Aim of the task = Excluding pictures, retype the line with "this 1512×1512 image." and each line that follows it to the end of the data below, word for word.
####
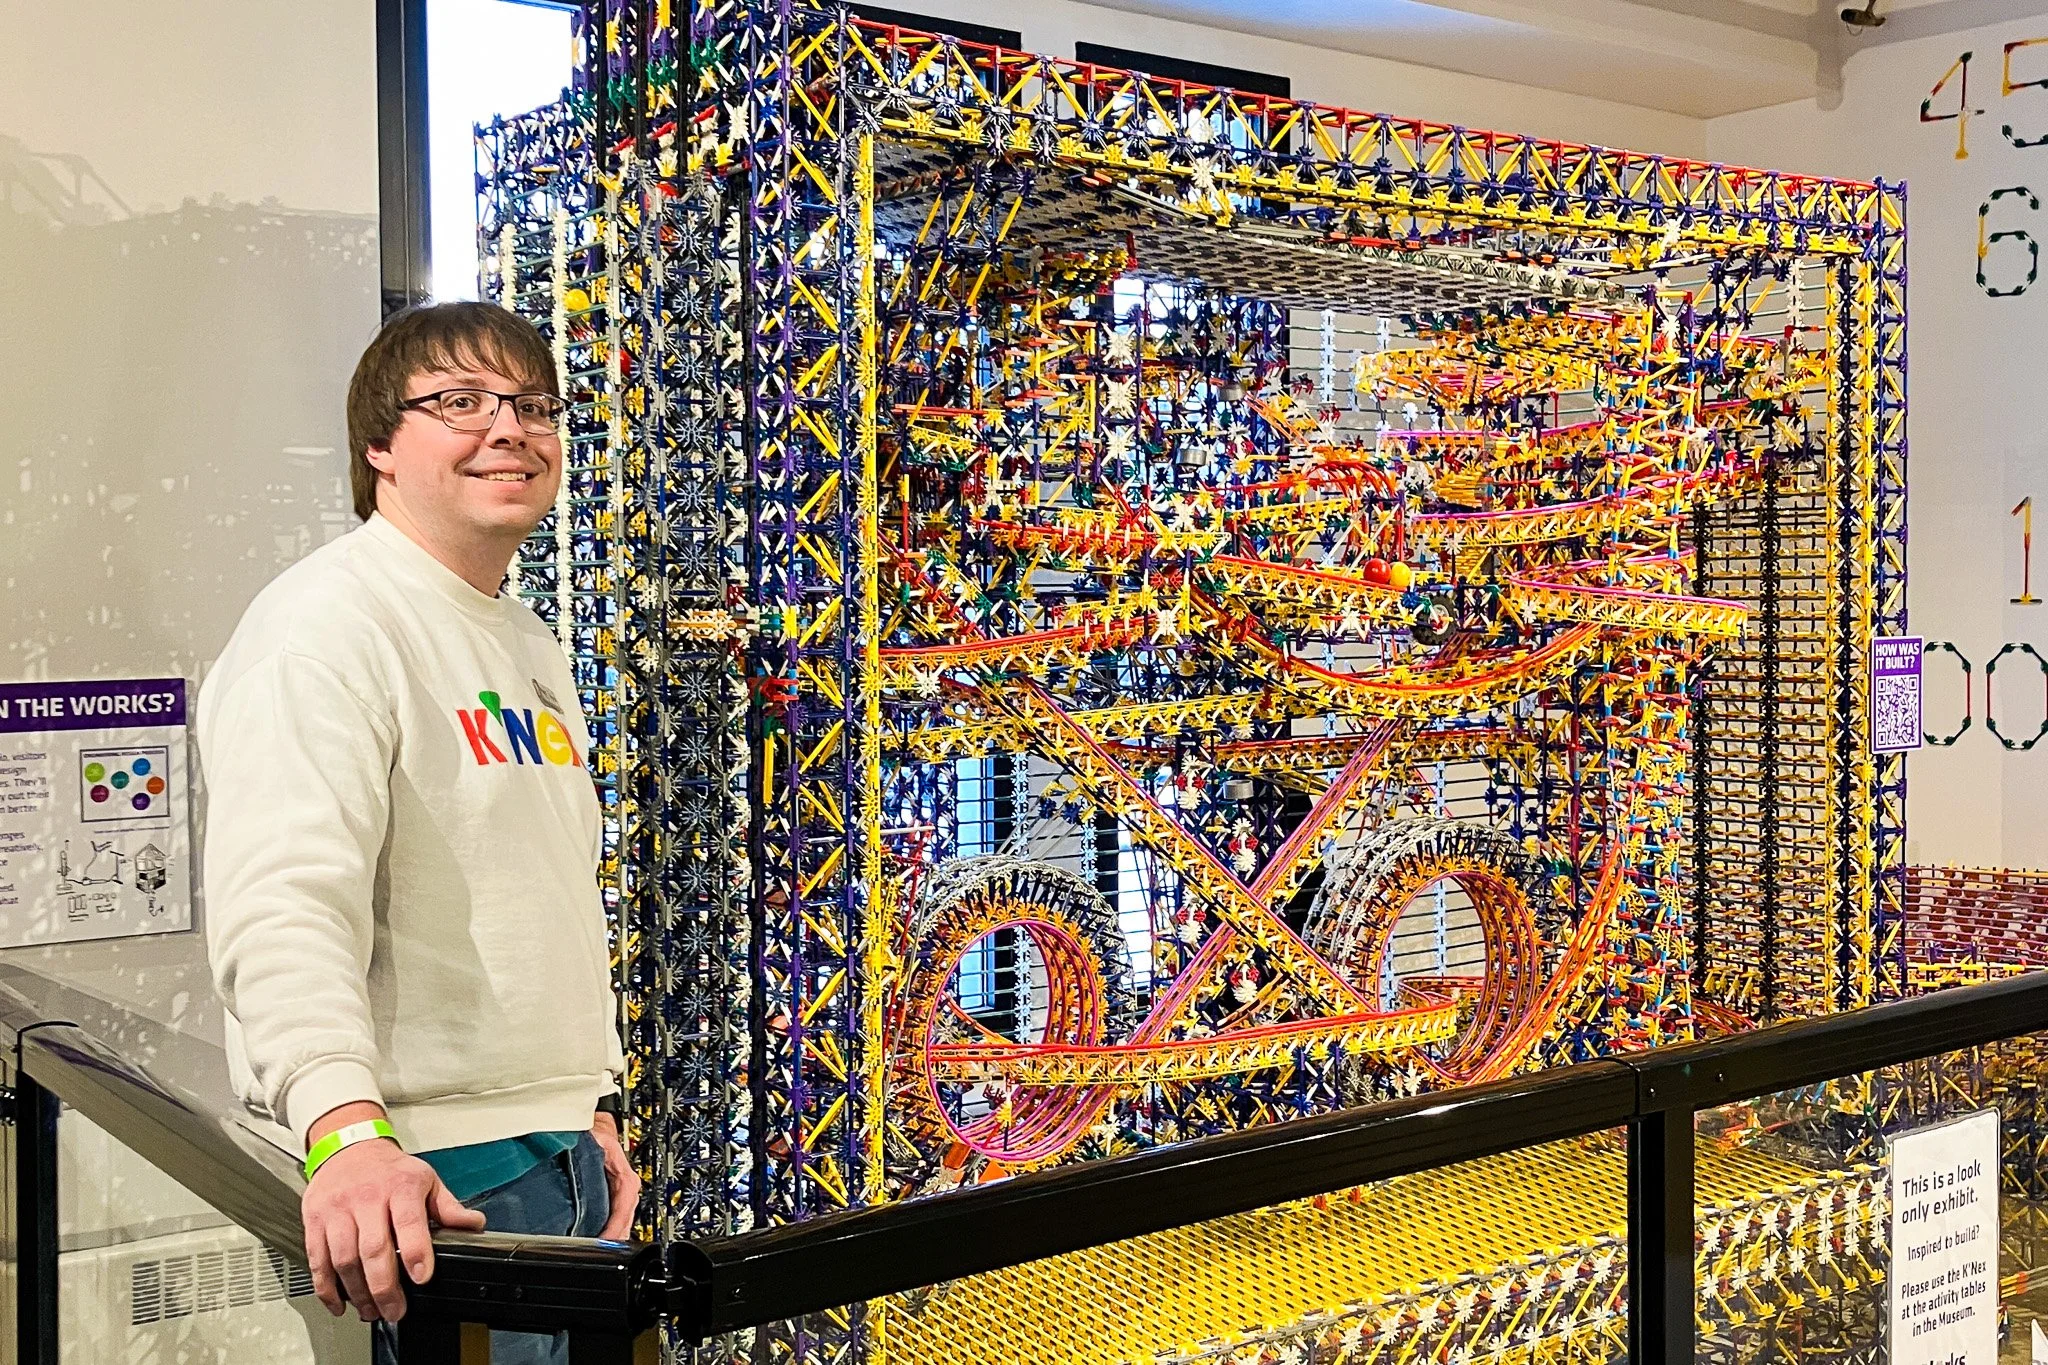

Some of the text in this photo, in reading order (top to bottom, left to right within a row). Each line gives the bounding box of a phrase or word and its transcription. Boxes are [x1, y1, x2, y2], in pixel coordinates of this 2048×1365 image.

[1875, 642, 1920, 657] HOW WAS
[1875, 655, 1916, 670] IT BUILT?
[15, 697, 65, 718] THE
[69, 692, 176, 717] WORKS?
[1902, 1159, 1981, 1198] This is a look
[1902, 1186, 1978, 1224] only exhibit.
[1908, 1224, 1980, 1261] Inspired to build?
[1901, 1261, 1987, 1300] Please use the K'Nex
[1901, 1280, 1986, 1320] at the activity tables
[1912, 1306, 1976, 1337] in the Museum.
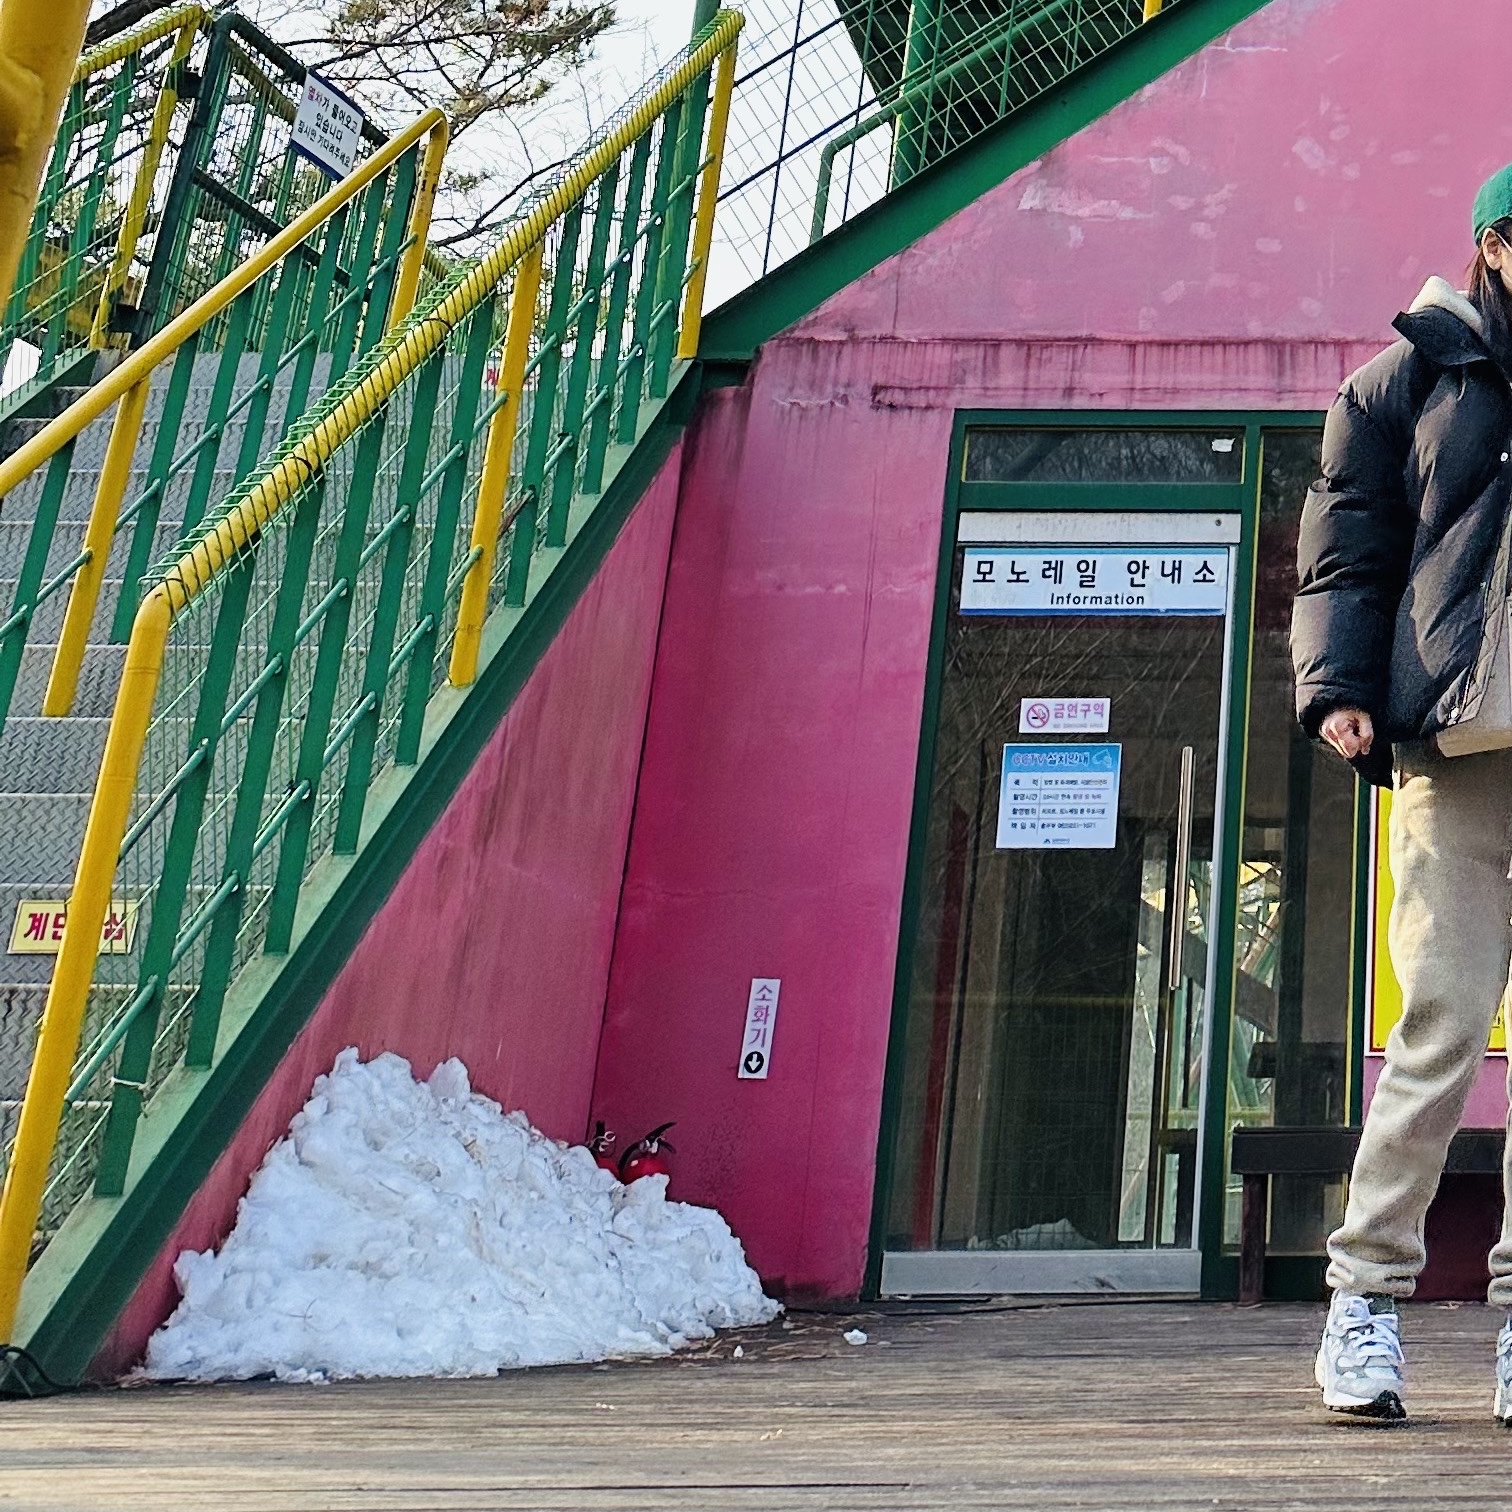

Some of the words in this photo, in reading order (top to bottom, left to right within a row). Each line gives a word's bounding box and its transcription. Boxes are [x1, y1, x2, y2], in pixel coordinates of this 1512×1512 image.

[315, 112, 344, 144] 있습니다
[972, 559, 1098, 589] 모노레일
[1126, 559, 1217, 588] 안내소
[1049, 592, 1145, 606] Information
[1053, 702, 1105, 719] 금연구역
[747, 984, 773, 1049] 소화기
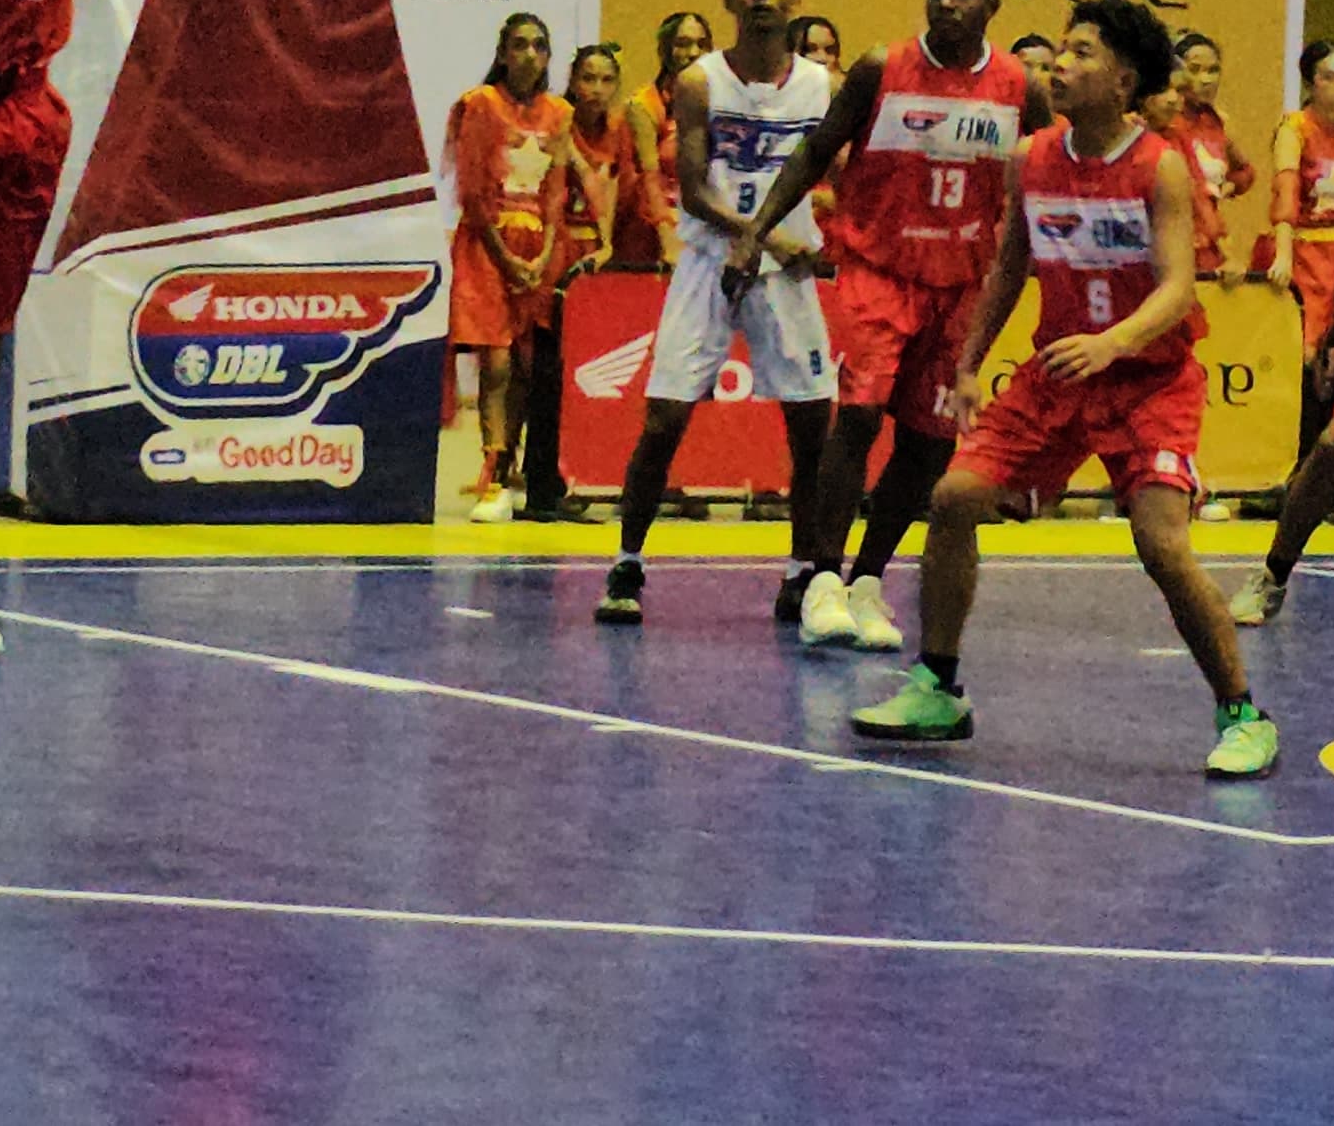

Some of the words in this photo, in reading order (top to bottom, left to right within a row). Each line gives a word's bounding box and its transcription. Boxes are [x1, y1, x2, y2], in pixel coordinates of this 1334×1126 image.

[929, 167, 966, 209] 13
[213, 294, 368, 321] HONDA
[208, 344, 288, 384] DBL
####
Output of the exercise =
Some of the words in this photo, in reading order (top to bottom, left to right within a row). Each line gives a word's bounding box and its transcription. Boxes are [x1, y1, x2, y2], in pixel coordinates of this 1512×1512 image.

[315, 112, 344, 144] 있습니다
[972, 559, 1098, 589] 모노레일
[1126, 559, 1217, 588] 안내소
[1049, 592, 1145, 606] Information
[1053, 702, 1105, 719] 금연구역
[747, 984, 773, 1049] 소화기

Some of the words in this photo, in reading order (top to bottom, left to right within a row). Each line gives a word's bounding box and its transcription. Boxes are [x1, y1, x2, y2], in pixel coordinates of this 1334×1126 image.

[929, 167, 966, 209] 13
[213, 294, 368, 321] HONDA
[208, 344, 288, 384] DBL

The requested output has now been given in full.